Those levies could also hit non-Chinese carmakers. BMW AG imports its battery-powered iX3 to Europe from China, with Mini models made by a local partner due to follow next year. Tesla Inc. also exports cars from the country.
For Chinese manufacturers, the dispute will weigh on the “growth outlook of companies with aggressive expansion plans in the EU, like BYD,” Morgan Stanley analysts including Tim Hsiao said in a note to clients.
What Bloomberg Opinion says:
“Over the past 12 months, Europe has woken up to the fact that China is now capable of building technologically sophisticated electric models. Rather than seeking political favors, European auto manufacturers should focus on improving their own competitiveness and developing EVs that consumers can actually afford.”
— Chris Bryant, columnist (Read the full article here.)
Chinese brands most likely to be hit hard are Zhejiang Geely Holding Group Co., which has the top Chinese presence in Europe, while BYD Co. and Nio Inc. are also pushing into the continent and starting to challenge market leaders Volkswagen AG, Tesla Inc. and Stellantis NV.
Read More: No Chinese EV Is Cheaper in Europe Than a Cut-Rate Renault Model
Europe’s investigation, as well as aggressive moves by Washington to counter China, are part of a broader rethink by governments in developed economies to protect production closer to home.
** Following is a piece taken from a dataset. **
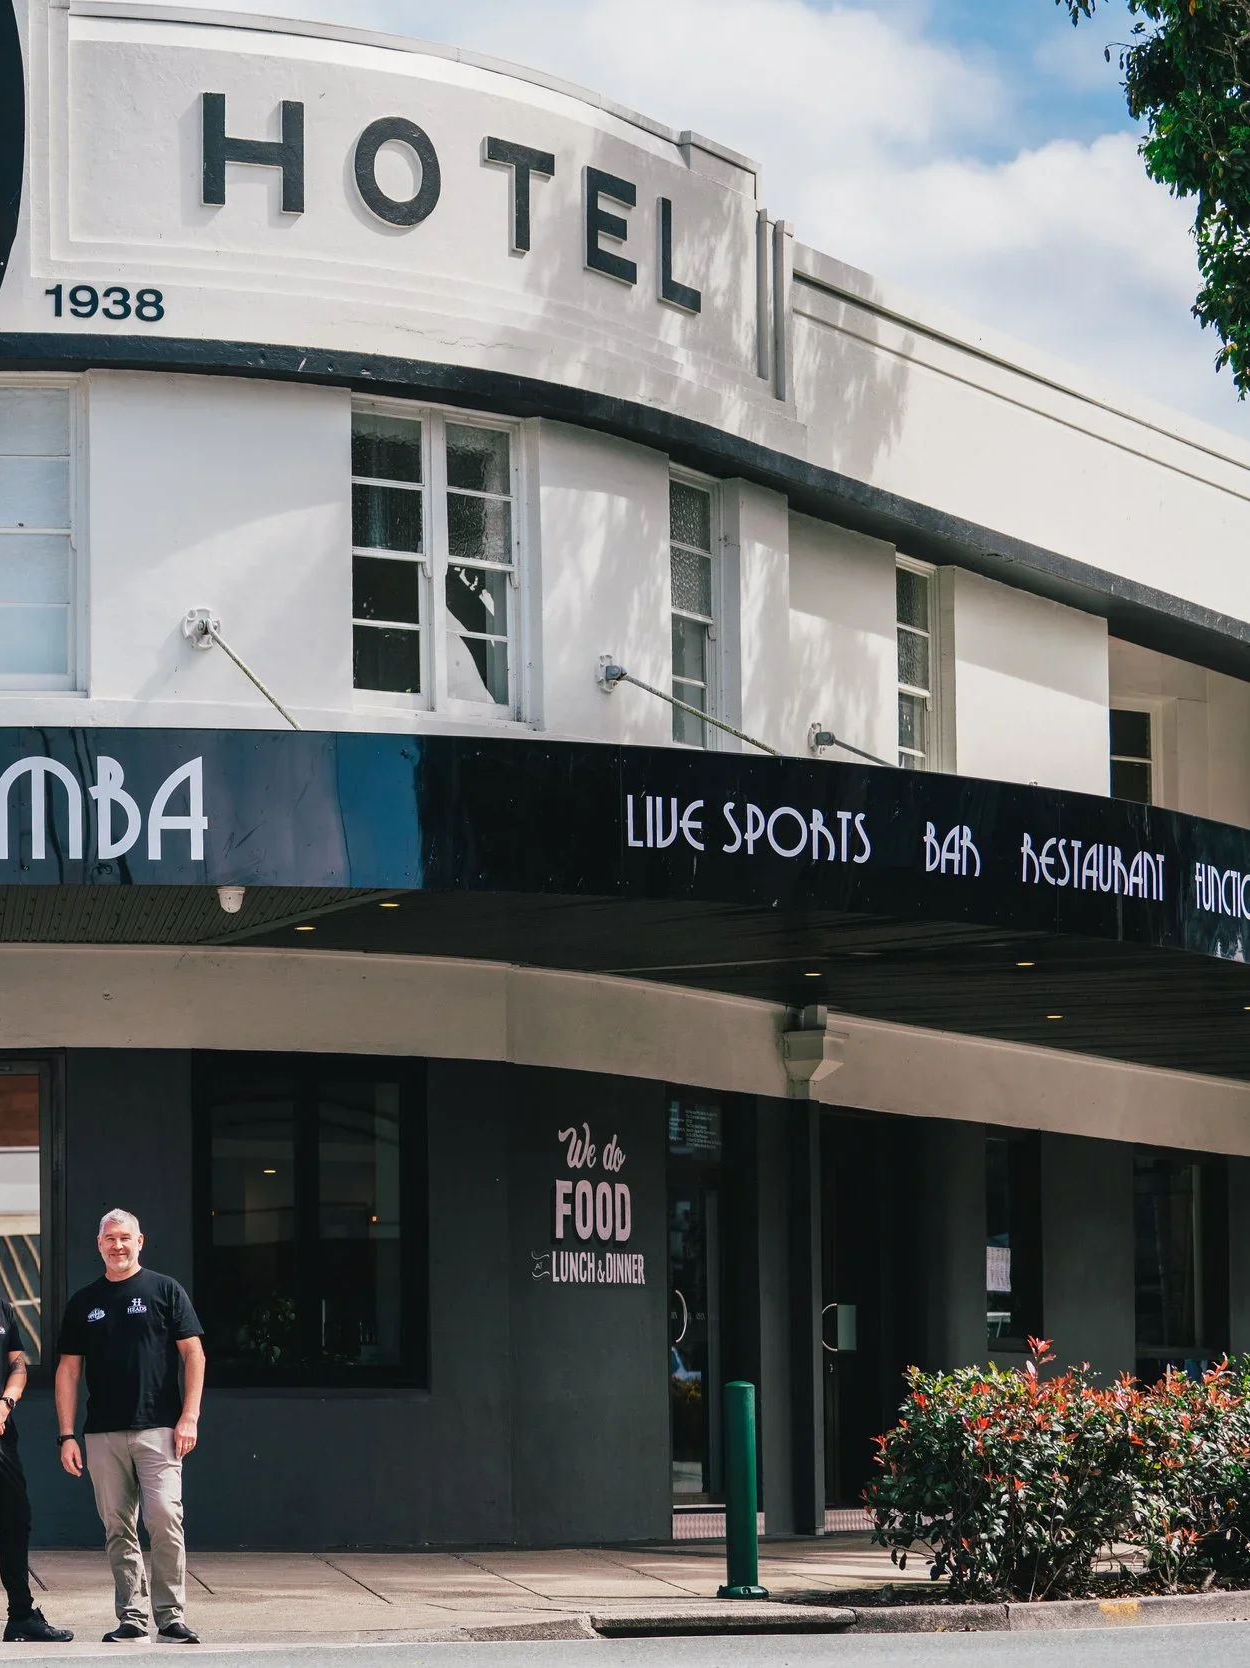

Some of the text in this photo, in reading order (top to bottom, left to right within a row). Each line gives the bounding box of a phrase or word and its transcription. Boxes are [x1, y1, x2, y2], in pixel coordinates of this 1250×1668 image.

US President Joe Biden has not only maintained a slew of tariffs imposed on China during the previous administration, but also instituted new curbs on cutting-edge chips citing national security concerns.
Europe’s decision is likely informed by past experience of China dominating the steel and solar markets by exporting huge quantities at low prices, said Deborah Elms, executive director at the Asian Trade Centre in Singapore.
“Once the domestic industry in other markets gets swept away, the space is clear for foreign firms to dictate prices and standards,” she said.
–With assistance from Chunying Zhang, Jinshan Hong, Jasmine Ng, Richard Bravo, Elisabeth Behrmann, James Mayger, Fran Wang, Petra Sorge, Yujing Liu, Peter Vercoe and William H. Davis.
(Updates with comments from French official, additional context)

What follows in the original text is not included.